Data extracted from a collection
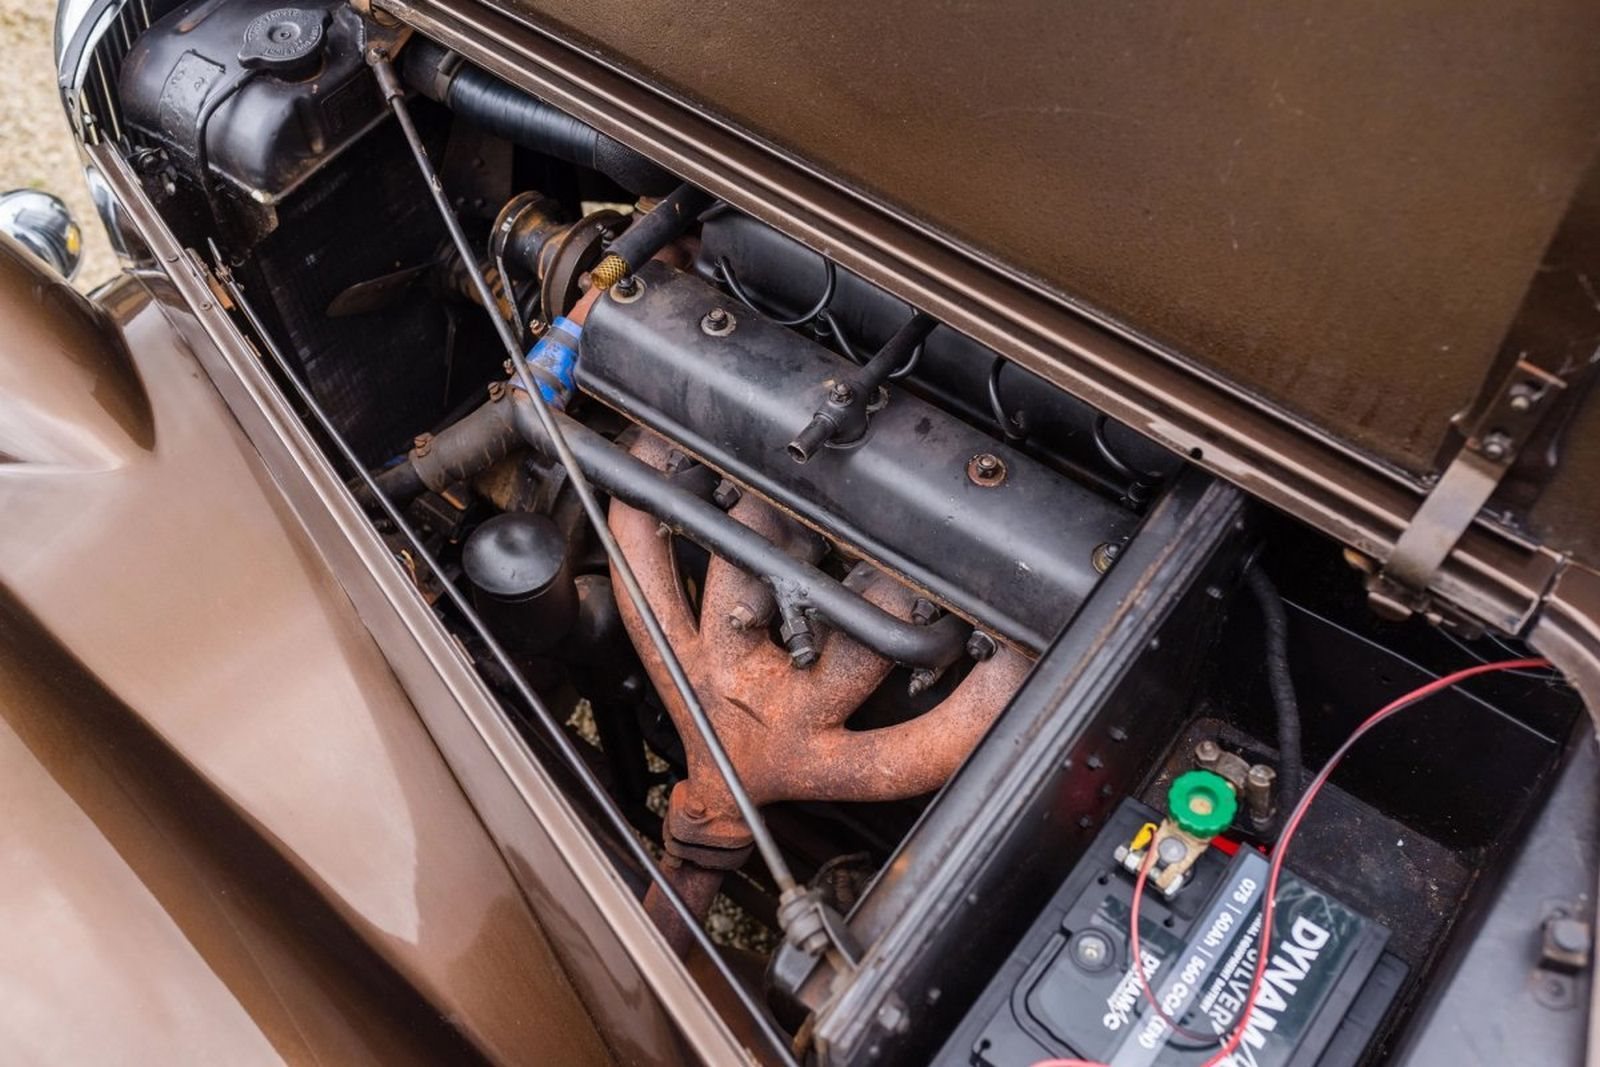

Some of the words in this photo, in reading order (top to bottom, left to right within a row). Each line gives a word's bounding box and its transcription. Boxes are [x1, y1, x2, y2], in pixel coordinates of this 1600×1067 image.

[1232, 877, 1257, 905] 075
[1203, 911, 1235, 948] 60Ah
[1180, 955, 1206, 983] 560
[1161, 982, 1189, 1016] CCA
[1199, 976, 1227, 1014] BATTERY
[1138, 1014, 1168, 1049] (EN)
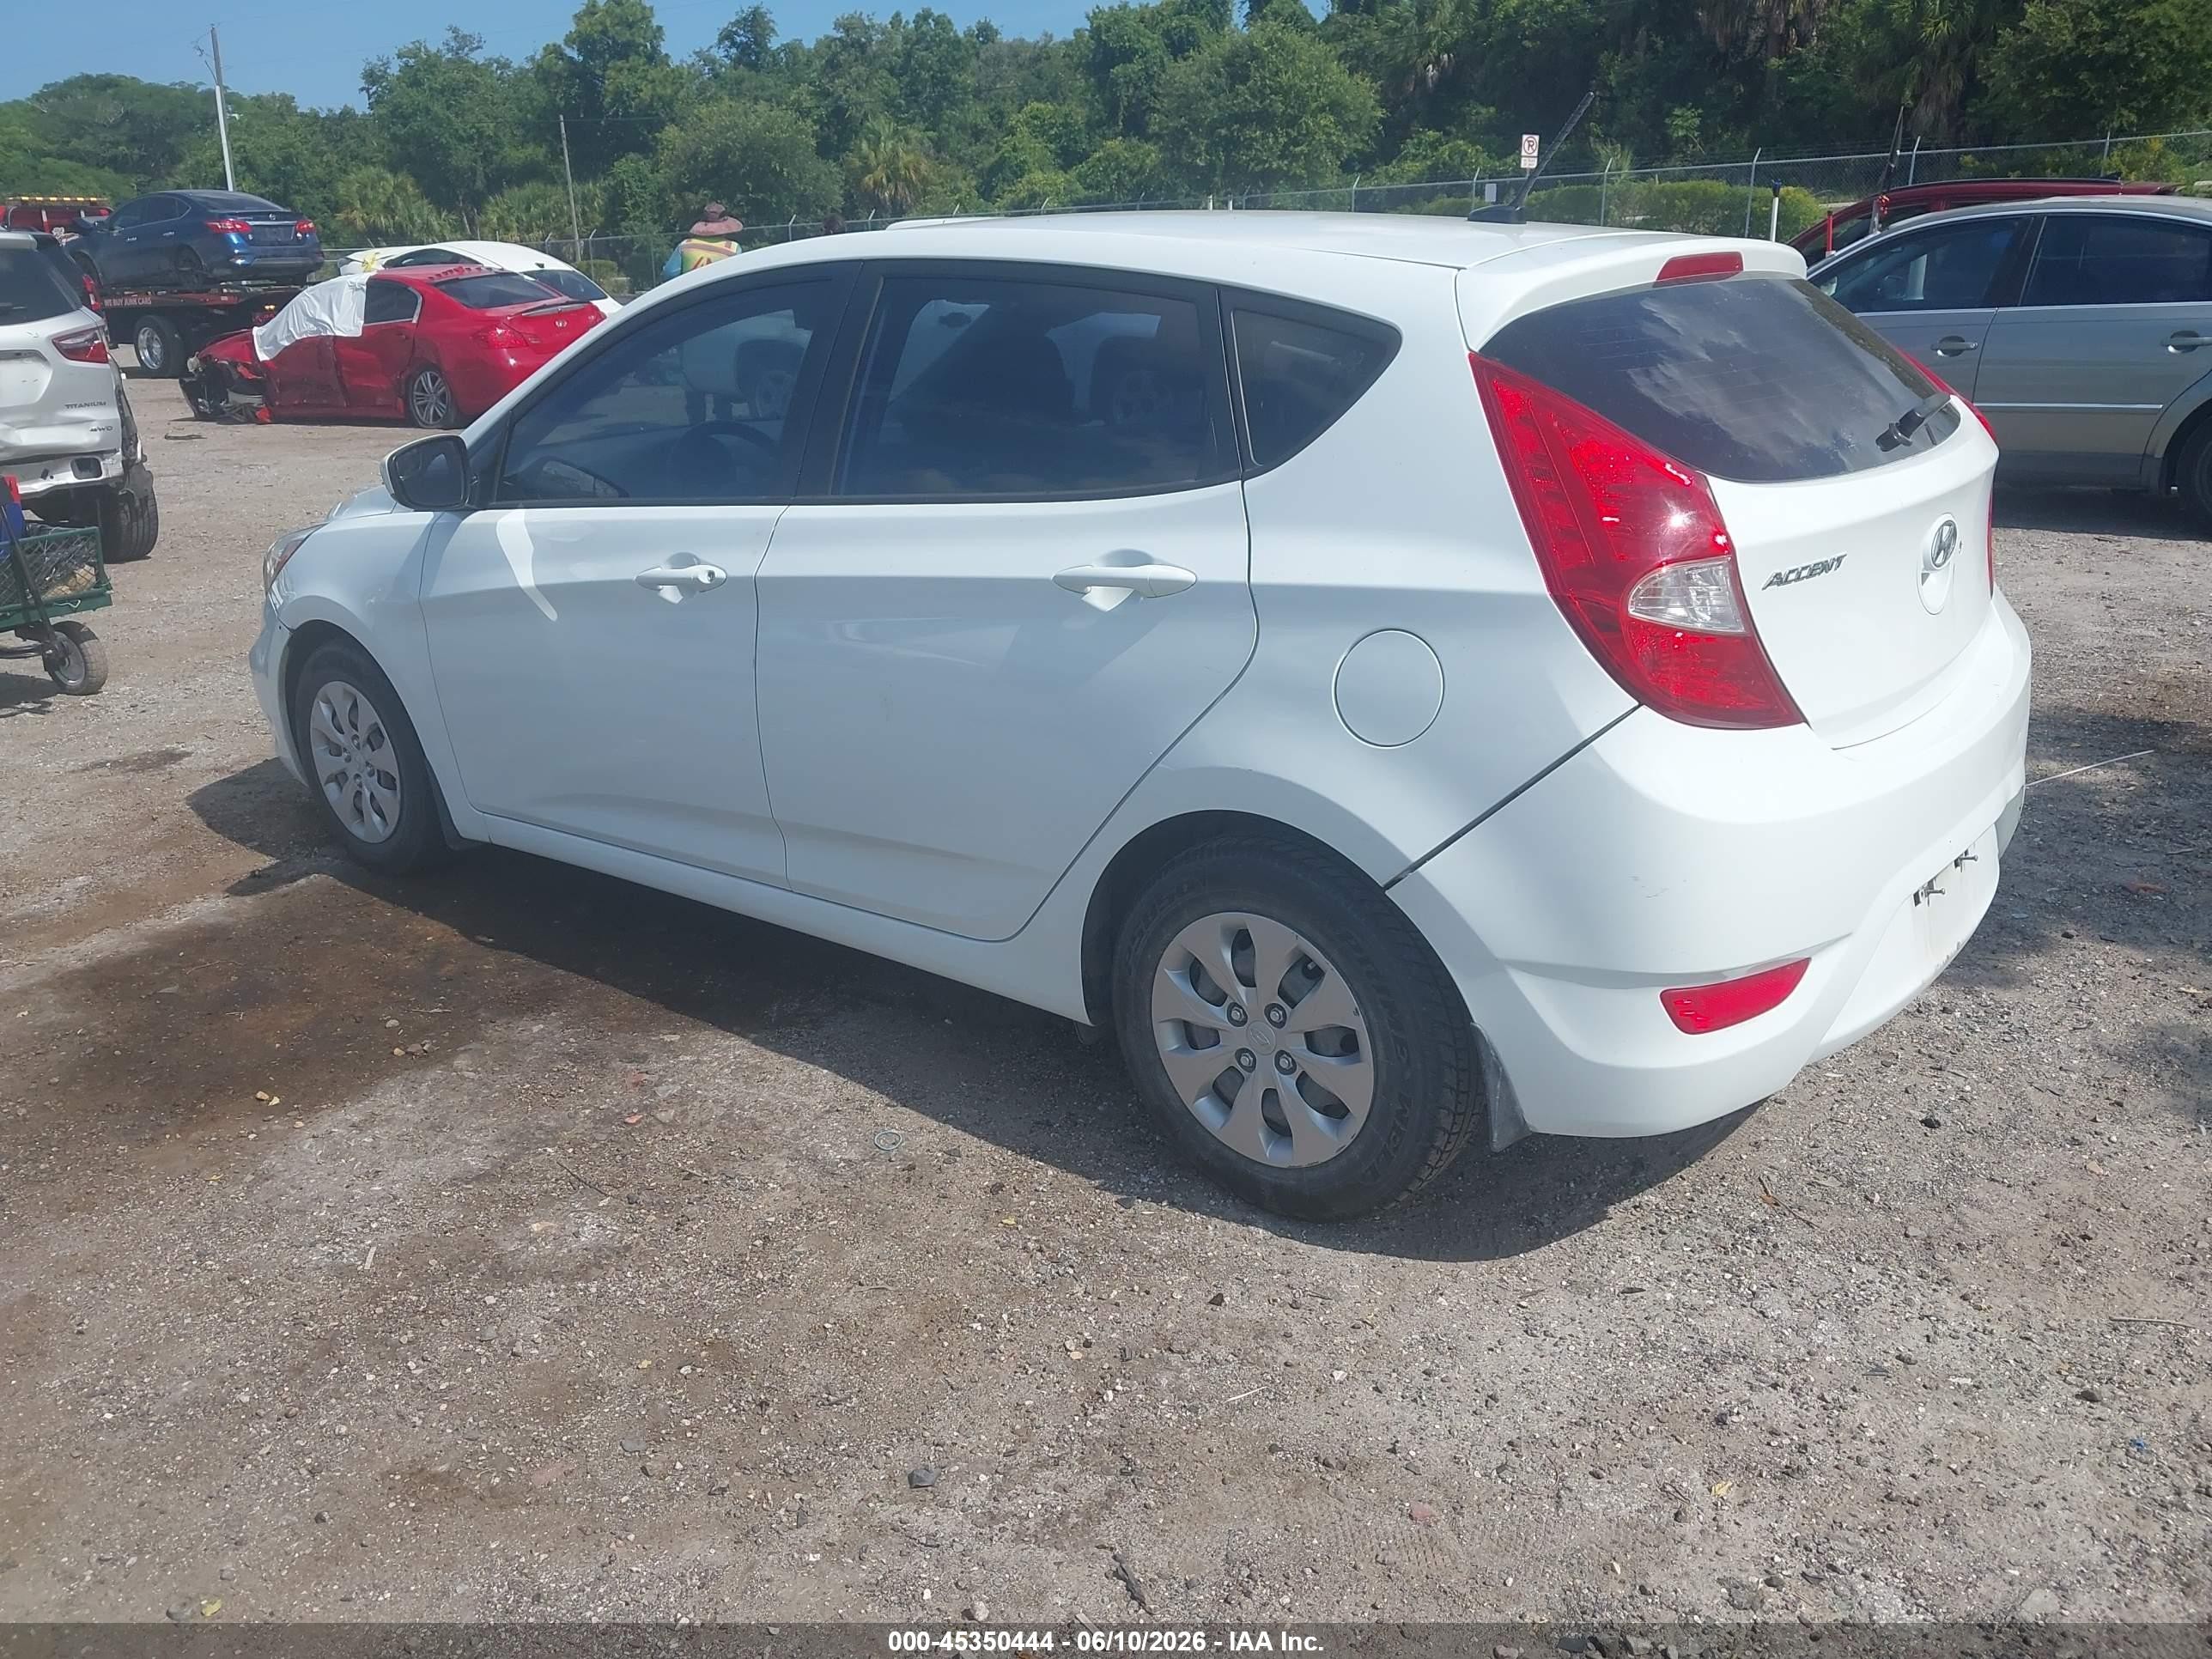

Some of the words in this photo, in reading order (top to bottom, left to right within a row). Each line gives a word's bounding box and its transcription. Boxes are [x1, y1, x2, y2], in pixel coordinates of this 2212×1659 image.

[112, 298, 124, 307] BUY
[64, 401, 107, 410] TITANIUM
[1761, 553, 1847, 591] ACCENT

What you will do.
Starting with the line that contains "this 2212×1659 image.", print every line through the end of the entries above exactly as written, both boundary lines included, and nothing else.

Answer for this exercise.
Some of the words in this photo, in reading order (top to bottom, left to right within a row). Each line gives a word's bounding box and its transcription. Boxes are [x1, y1, x2, y2], in pixel coordinates of this 2212×1659 image.

[112, 298, 124, 307] BUY
[64, 401, 107, 410] TITANIUM
[1761, 553, 1847, 591] ACCENT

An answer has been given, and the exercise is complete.